### Work instruction
Omit every picture while repeating the entries exactly.

___ Input records

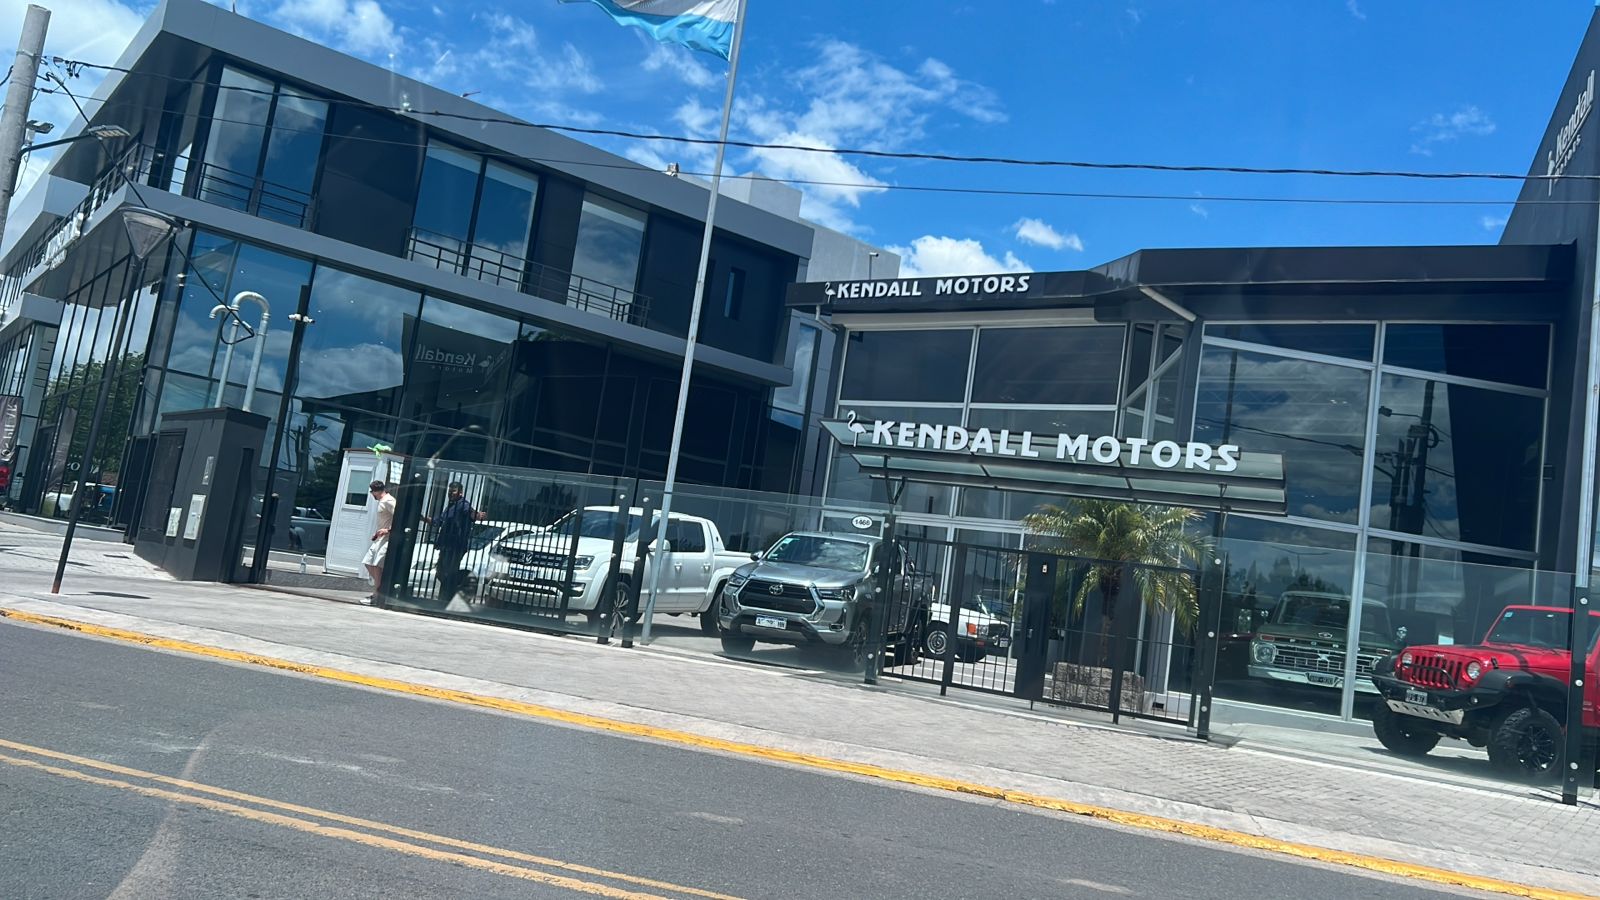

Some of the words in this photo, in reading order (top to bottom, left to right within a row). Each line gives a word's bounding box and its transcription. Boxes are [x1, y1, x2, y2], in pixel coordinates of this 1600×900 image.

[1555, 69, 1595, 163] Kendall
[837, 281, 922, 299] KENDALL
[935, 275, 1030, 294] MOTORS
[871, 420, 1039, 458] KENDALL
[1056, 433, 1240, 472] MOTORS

______

### Reply
Some of the words in this photo, in reading order (top to bottom, left to right within a row). Each line gives a word's bounding box and its transcription. Boxes are [x1, y1, x2, y2], in pixel coordinates of this 1600×900 image.

[1555, 69, 1595, 163] Kendall
[837, 281, 922, 299] KENDALL
[935, 275, 1030, 294] MOTORS
[871, 420, 1039, 458] KENDALL
[1056, 433, 1240, 472] MOTORS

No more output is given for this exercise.